■ **What you have to do**: Every record should be restated exactly, with no images included.

■ **Data for this exercise**:
········

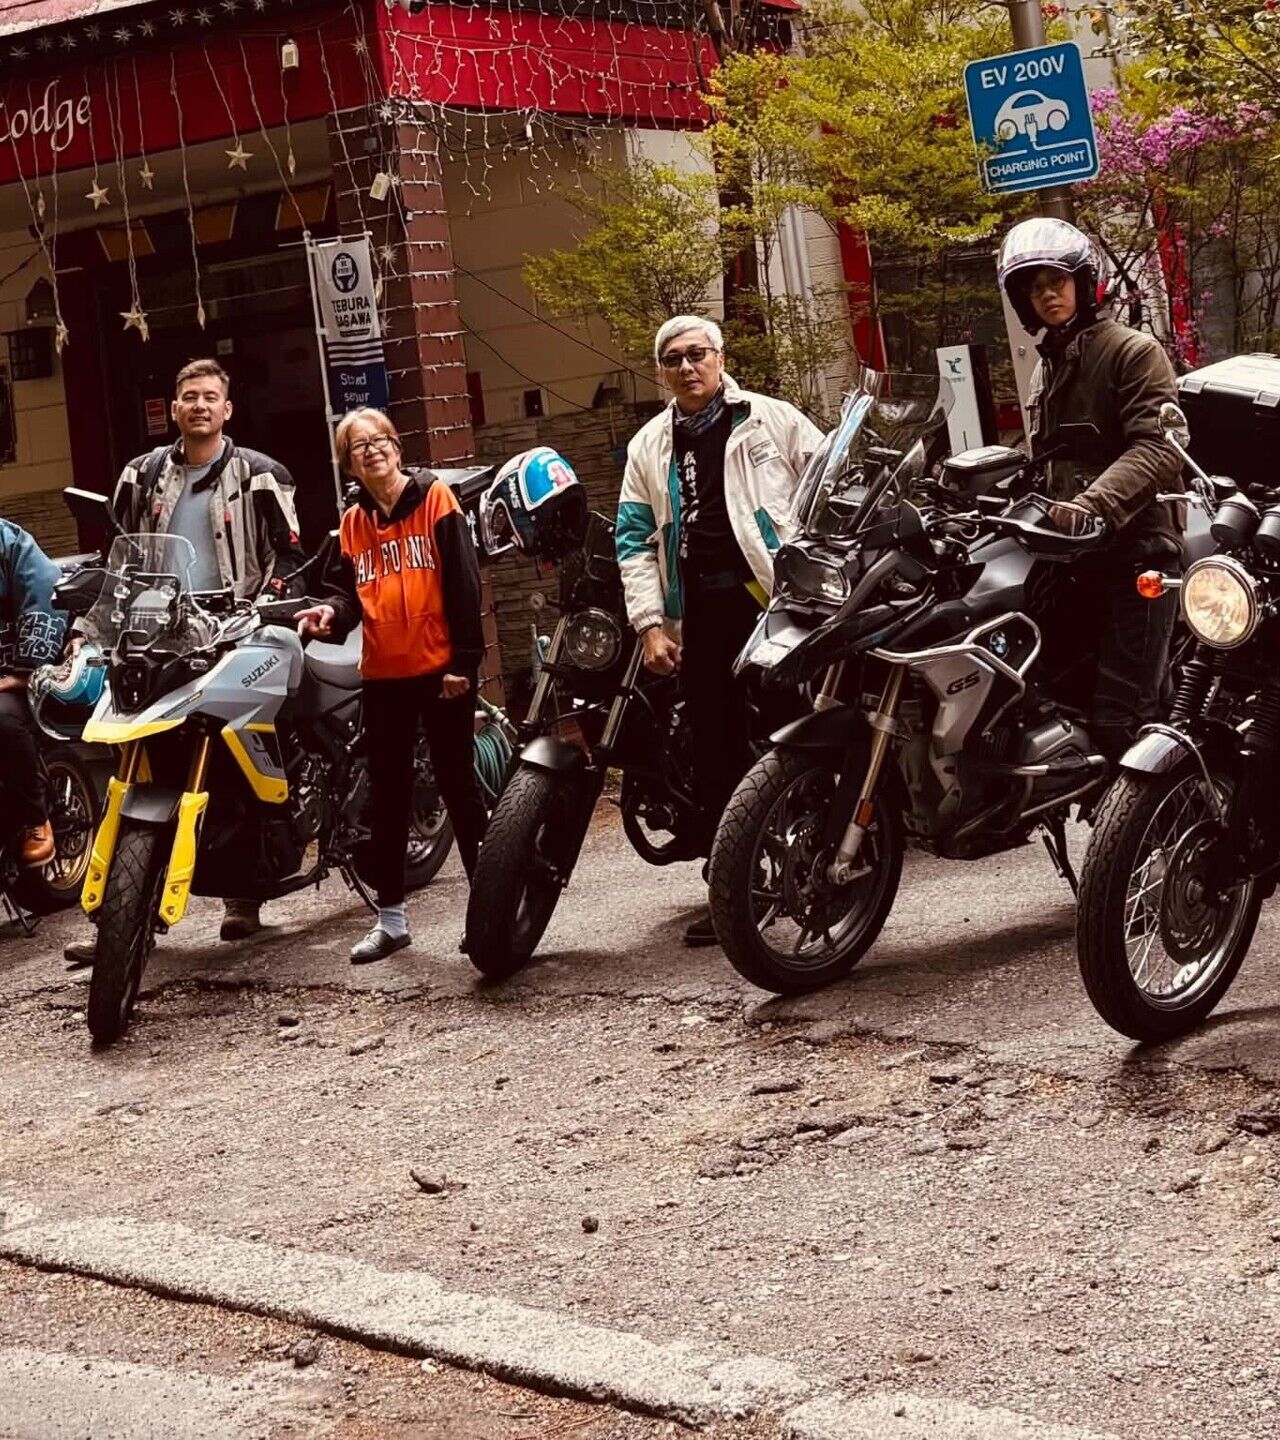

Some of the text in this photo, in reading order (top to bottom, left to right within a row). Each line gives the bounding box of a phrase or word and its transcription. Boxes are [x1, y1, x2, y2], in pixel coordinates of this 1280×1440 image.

[980, 53, 1065, 89] EV 200V
[988, 149, 1086, 178] CHARGING POINT
[331, 295, 371, 313] TEBURA
[353, 535, 436, 585] ALFONIA
[241, 654, 280, 688] SUZUKI
[946, 669, 980, 695] GS
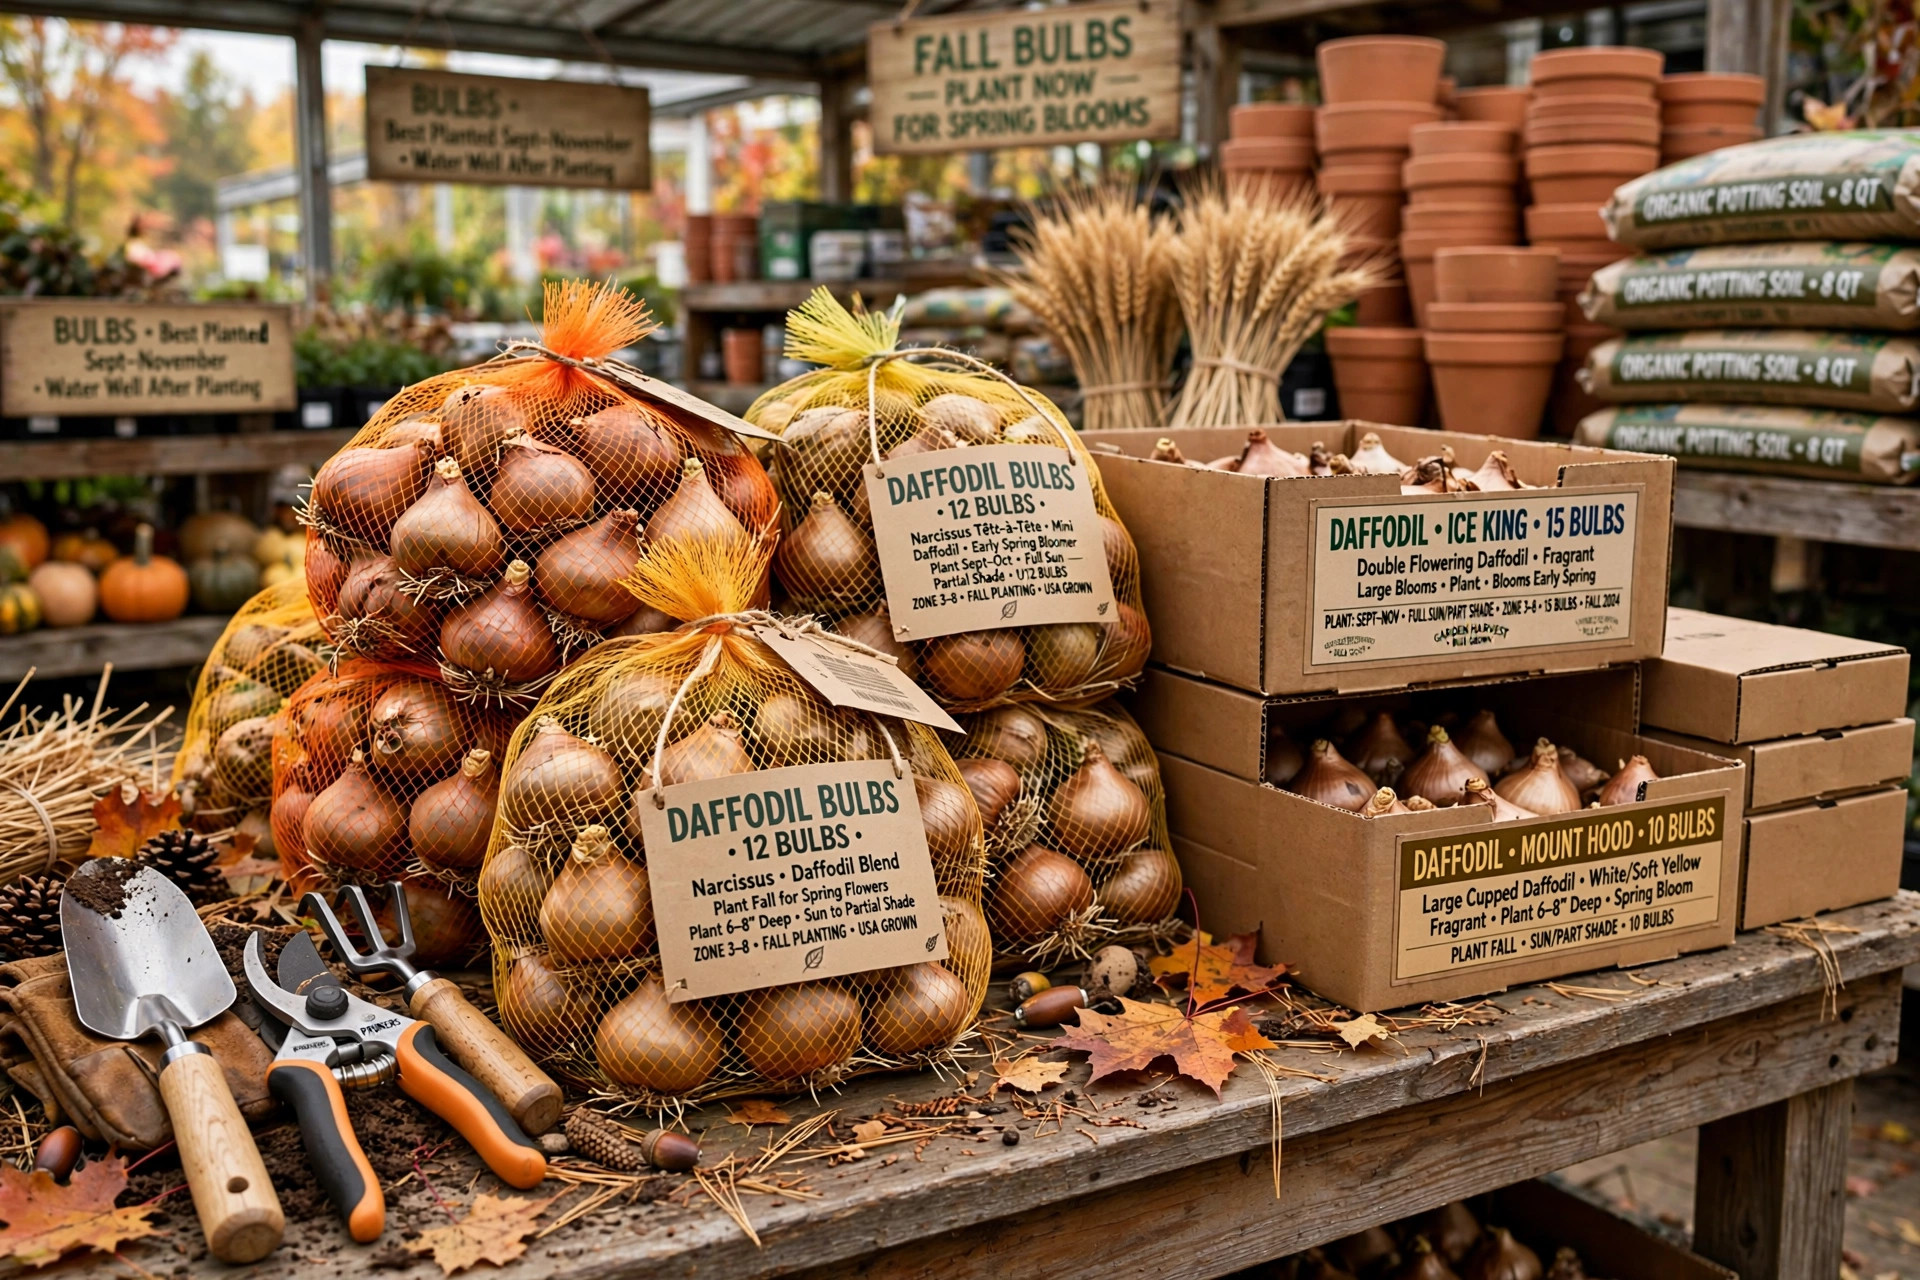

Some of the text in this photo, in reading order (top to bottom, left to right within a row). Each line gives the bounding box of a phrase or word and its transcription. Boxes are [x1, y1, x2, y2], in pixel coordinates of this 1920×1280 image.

[913, 16, 1132, 75] FALL BULBS
[411, 82, 500, 117] BULBS
[945, 69, 1097, 105] PLANT NOW
[385, 120, 425, 143] Best
[430, 122, 496, 146] Planted
[893, 97, 1150, 142] FOR SPRING BLOOMS
[411, 150, 614, 181] Water Well After Planting
[1642, 178, 1882, 222] ORGANIC POTTING SOIL 8 QT
[1624, 270, 1864, 301] ORGANIC POTTING SOIL 8 QT
[54, 316, 269, 345] BULBS Best Planted
[84, 349, 228, 374] Sept-November
[1620, 353, 1858, 387] ORGANIC POTTING SOIL 8 QT
[45, 376, 262, 401] Water Well After Planting
[1614, 425, 1849, 466] ORGANIC POTTING SOIL 8 QT
[887, 462, 1075, 505] DAFFODIL BULBS
[949, 493, 1036, 520] 12 BULBS
[910, 529, 972, 547] Narcissus
[1051, 519, 1074, 532] Mini
[1330, 503, 1625, 551] DAFFODIL ICE KING 15 BULBS
[913, 535, 1077, 561] Daffodil Early Spring Bloomer
[930, 552, 1064, 574] Plant Sept-Oct Full Sun
[1357, 546, 1594, 576] Double Flowering Daffodil Fragrant
[912, 595, 938, 610] ZONE
[968, 588, 990, 602] FALL
[991, 584, 1036, 601] PLANTING
[1044, 582, 1062, 595] USA
[1062, 582, 1092, 594] GROWN
[933, 573, 970, 590] Partial
[972, 568, 1005, 584] Shade
[1038, 566, 1068, 579] BULBS
[1358, 568, 1596, 601] Large Blooms Plant Blooms Early Spring
[1325, 613, 1354, 629] PLANT:
[1356, 609, 1400, 627] SEPT-NOV
[1408, 608, 1427, 623] FULL
[1428, 604, 1468, 621] SUN/PART
[1469, 602, 1494, 618] SHADE
[1502, 599, 1522, 616] ZONE
[1544, 598, 1552, 612] 15
[1554, 596, 1578, 612] BULBS
[1584, 594, 1602, 610] FALL
[1603, 593, 1621, 608] 2024
[1434, 624, 1468, 642] GARDEN
[1471, 623, 1509, 638] HARVEST
[666, 780, 900, 842] DAFFODIL BULBS
[743, 823, 850, 861] 12 BULBS
[1414, 806, 1716, 881] DAFFODIL MOUNT HOOD 10 BULBS
[692, 852, 900, 898] Narcissus Daffodil Blend
[1422, 854, 1702, 914] Large Cupped Daffodil White/Soft Yellow
[713, 880, 889, 916] Plant Fall for Spring Flowers
[1430, 912, 1486, 938] Fragrant
[1500, 905, 1534, 926] Plant
[1570, 896, 1602, 914] Deep
[1614, 886, 1652, 909] Spring
[1656, 880, 1693, 899] Bloom
[688, 923, 722, 941] Plant
[758, 914, 792, 931] Deep
[804, 906, 828, 922] Sun
[830, 903, 843, 918] to
[846, 898, 881, 917] Partial
[883, 894, 916, 911] Shade
[694, 914, 918, 962] ZONE 3-8 FALL PLANTING USA GROWN
[1451, 908, 1674, 964] PLANT FALL SUN/PART SHADE 10 BULBS

········

■ **The completed task**:
Some of the text in this photo, in reading order (top to bottom, left to right within a row). Each line gives the bounding box of a phrase or word and its transcription. Boxes are [x1, y1, x2, y2], in pixel coordinates of this 1280×1440 image.

[980, 53, 1065, 89] EV 200V
[988, 149, 1086, 178] CHARGING POINT
[331, 295, 371, 313] TEBURA
[353, 535, 436, 585] ALFONIA
[241, 654, 280, 688] SUZUKI
[946, 669, 980, 695] GS

Some of the text in this photo, in reading order (top to bottom, left to right within a row). Each line gives the bounding box of a phrase or word and its transcription. Boxes are [x1, y1, x2, y2], in pixel coordinates of this 1920×1280 image.

[913, 16, 1132, 75] FALL BULBS
[411, 82, 500, 117] BULBS
[945, 69, 1097, 105] PLANT NOW
[385, 120, 425, 143] Best
[430, 122, 496, 146] Planted
[893, 97, 1150, 142] FOR SPRING BLOOMS
[411, 150, 614, 181] Water Well After Planting
[1642, 178, 1882, 222] ORGANIC POTTING SOIL 8 QT
[1624, 270, 1864, 301] ORGANIC POTTING SOIL 8 QT
[54, 316, 269, 345] BULBS Best Planted
[84, 349, 228, 374] Sept-November
[1620, 353, 1858, 387] ORGANIC POTTING SOIL 8 QT
[45, 376, 262, 401] Water Well After Planting
[1614, 425, 1849, 466] ORGANIC POTTING SOIL 8 QT
[887, 462, 1075, 505] DAFFODIL BULBS
[949, 493, 1036, 520] 12 BULBS
[910, 529, 972, 547] Narcissus
[1051, 519, 1074, 532] Mini
[1330, 503, 1625, 551] DAFFODIL ICE KING 15 BULBS
[913, 535, 1077, 561] Daffodil Early Spring Bloomer
[930, 552, 1064, 574] Plant Sept-Oct Full Sun
[1357, 546, 1594, 576] Double Flowering Daffodil Fragrant
[912, 595, 938, 610] ZONE
[968, 588, 990, 602] FALL
[991, 584, 1036, 601] PLANTING
[1044, 582, 1062, 595] USA
[1062, 582, 1092, 594] GROWN
[933, 573, 970, 590] Partial
[972, 568, 1005, 584] Shade
[1038, 566, 1068, 579] BULBS
[1358, 568, 1596, 601] Large Blooms Plant Blooms Early Spring
[1325, 613, 1354, 629] PLANT:
[1356, 609, 1400, 627] SEPT-NOV
[1408, 608, 1427, 623] FULL
[1428, 604, 1468, 621] SUN/PART
[1469, 602, 1494, 618] SHADE
[1502, 599, 1522, 616] ZONE
[1544, 598, 1552, 612] 15
[1554, 596, 1578, 612] BULBS
[1584, 594, 1602, 610] FALL
[1603, 593, 1621, 608] 2024
[1434, 624, 1468, 642] GARDEN
[1471, 623, 1509, 638] HARVEST
[666, 780, 900, 842] DAFFODIL BULBS
[743, 823, 850, 861] 12 BULBS
[1414, 806, 1716, 881] DAFFODIL MOUNT HOOD 10 BULBS
[692, 852, 900, 898] Narcissus Daffodil Blend
[1422, 854, 1702, 914] Large Cupped Daffodil White/Soft Yellow
[713, 880, 889, 916] Plant Fall for Spring Flowers
[1430, 912, 1486, 938] Fragrant
[1500, 905, 1534, 926] Plant
[1570, 896, 1602, 914] Deep
[1614, 886, 1652, 909] Spring
[1656, 880, 1693, 899] Bloom
[688, 923, 722, 941] Plant
[758, 914, 792, 931] Deep
[804, 906, 828, 922] Sun
[830, 903, 843, 918] to
[846, 898, 881, 917] Partial
[883, 894, 916, 911] Shade
[694, 914, 918, 962] ZONE 3-8 FALL PLANTING USA GROWN
[1451, 908, 1674, 964] PLANT FALL SUN/PART SHADE 10 BULBS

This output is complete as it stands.